Filters: sha256, status, since,
investigation_id,
has_investigation
GET /analyses/<uuid> one job row (includes investigation_*)
GET /analyses/<uuid>/bundle full STIX 2.1 bundle. When the job has an
investigation_id, every object carries
x_gnat_investigation_* and a wrapping
Grouping sits at the top of objects[].
409 if not completed.
GET /analyses/<uuid>/static static-analysis findings + fuzzy hashes
GET /analyses/<uuid>/similar LSH + lineage neighbours
POST /analyses/<uuid>/investigation retroactively tag an analysis. Body:
{"investigation_id":"...","link_type":
"inferred","tenant_id":"..."}. 409 if
already set; pass ?force=true to
overwrite. The bundle is not
regenerated — the tag is row metadata.
Example — pull every completed analysis from the last hour for one investigation:
curl -sS -H "X-API-Key: $INTAKE_API_KEY" \
"http://localhost:8080/analyses?status=completed&investigation_id=IC-2026-0001&since=$(date -u -d '1 hour ago' +%FT%TZ)"Env knobs for intake:
| Variable | Purpose |
|---|---|
INTAKE_API_KEY |
Shared secret for X-API-Key header (required) |
INTAKE_BIND_HOST/PORT |
HTTP bind address |
INTAKE_MAX_SAMPLE_BYTES |
Hard cap on upload size (default 128 MiB) |
INTAKE_YARA_RULES_DIR |
Directory of .yar files to scan uploads against |
VIRUSTOTAL_API_KEY |
If set, hash-only VT pre-check (never uploads bytes) |
VM_POOL_VMID_MIN/MAX |
Proxmox vmid range for analysis clones (default 9100-9199) |
VM_POOL_STALE_LEASE_SECONDS |
Reap leases whose heartbeat is older than this |
- PostgreSQL 15+ (JSONB GIN indices,
tsvector) - Redis 7+ (Celery broker)
- Proxmox VE 8+ (API token auth)
- Python 3.11+
Phases 1–6 complete:
- Scaffold, Postgres schema, STIX factories.

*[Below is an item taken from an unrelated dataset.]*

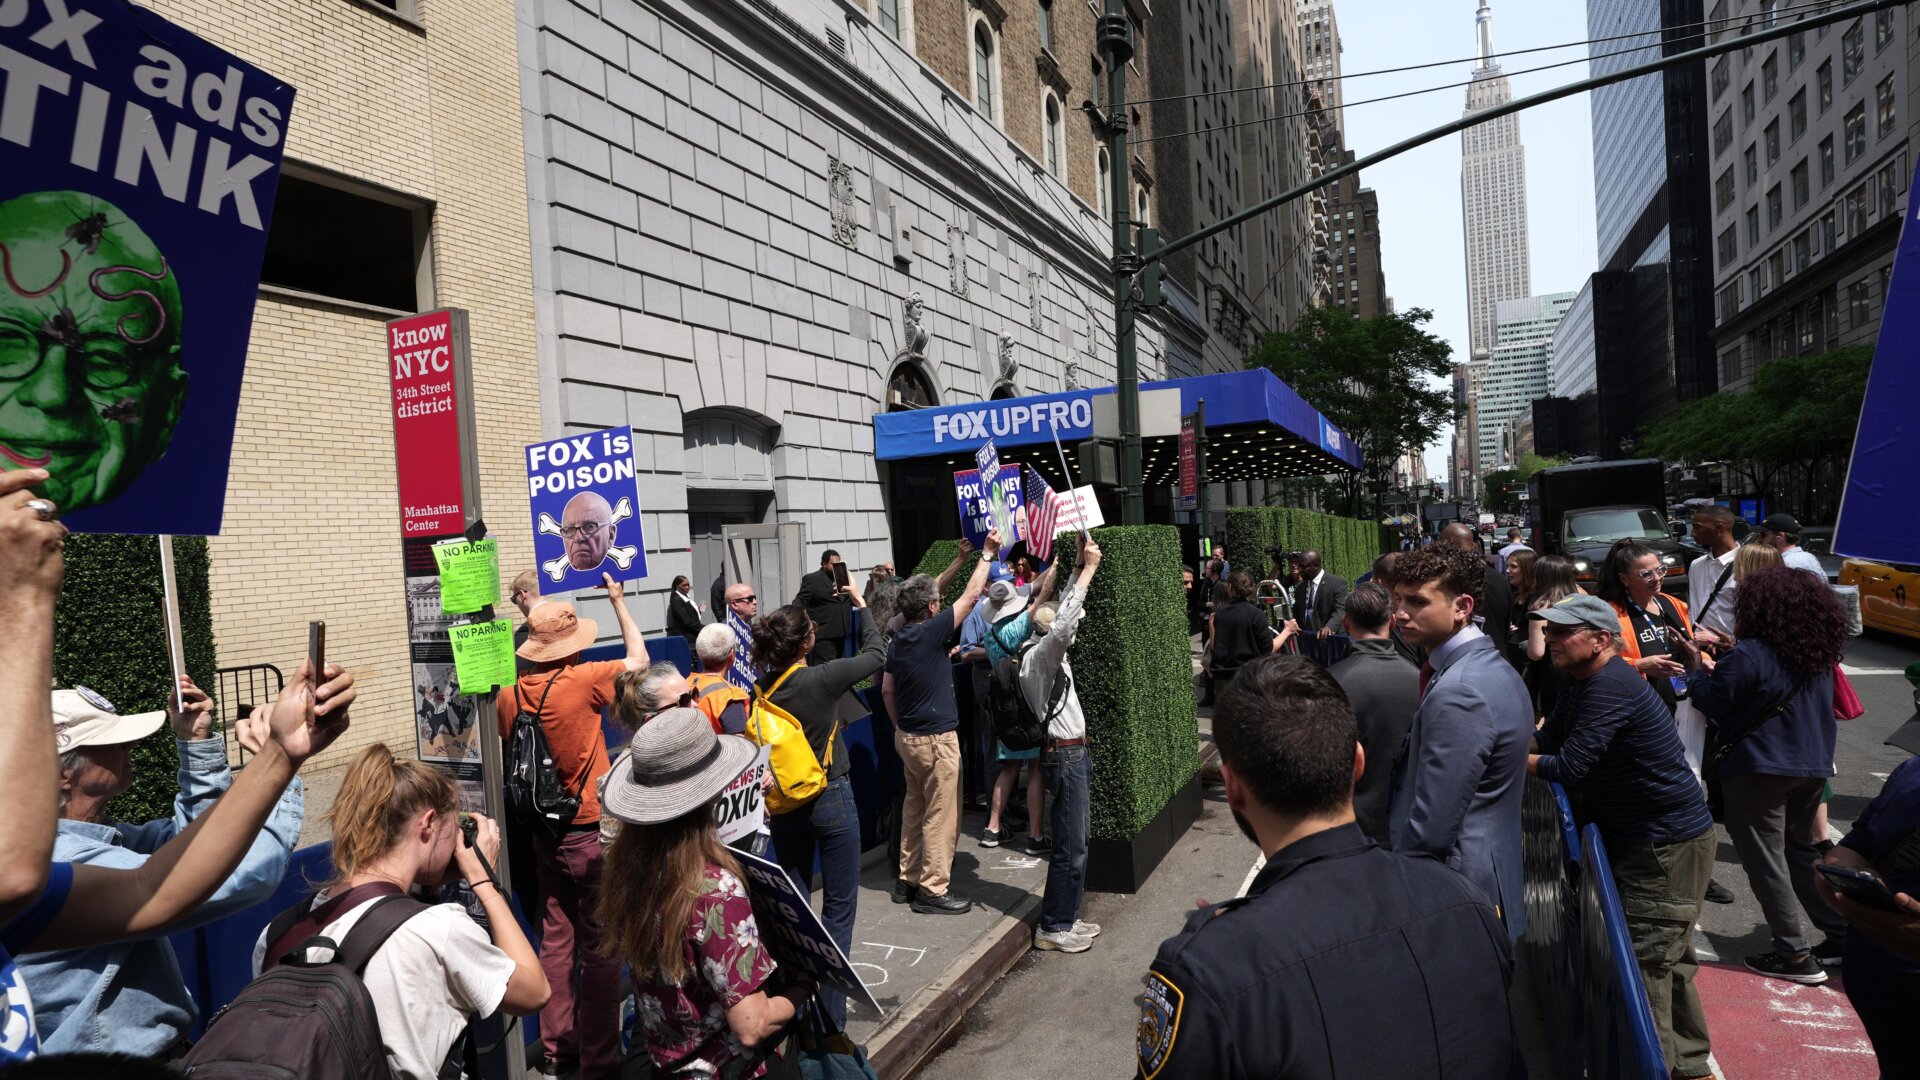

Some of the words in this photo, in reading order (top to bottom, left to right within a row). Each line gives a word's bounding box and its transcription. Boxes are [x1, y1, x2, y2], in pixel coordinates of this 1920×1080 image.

- Host↔guest detonation protocol + analyzer turning artifacts into STIX.
- Intake service (HTTP API + VT hash pre-check + YARA) and DB-backed VM pool manager.
- Linux static-analysis pre-stage with byte/opcode trigram MinHash and LSH-banded near-duplicate short-circuit.
- Read-only export API for external consumers. The GNAT TIP connector
(in the separate
wrhalpin/GNATrepo) pulls completed analyses over HTTP — STIX bundles, per-job static findings, and similarity neighbours — without needing direct Postgres access. - Anti-analysis evasion mitigations (phases A–G). Proxmox-level
template hardening, decoy-user profile seeding, renamed capture
toolchain, user-activity simulator, MinHook-based sleep patcher,
split-DNS INetSim + netem network realism, and a post-run
evasion detector that flips
analysis_jobs.evasion_observedwhen a sample tries to identify the sandbox. Rationale + implementation record indocs/explanation/anti-analysis-evasion.md.
Next up: end-to-end orchestration testing against real Proxmox + Postgres, plus push-on-completion if bulk pulling doesn't cover GNAT's ingest needs.
Licensed under the Apache License, Version 2.0. See LICENSE
for the full text.
Every source file carries an SPDX header:
SPDX-License-Identifier: Apache-2.0
Copyright 2026 Bill Halpin
New files added to the repo should include this header at the top (as a
# comment for Python/PowerShell/shell, -- for SQL).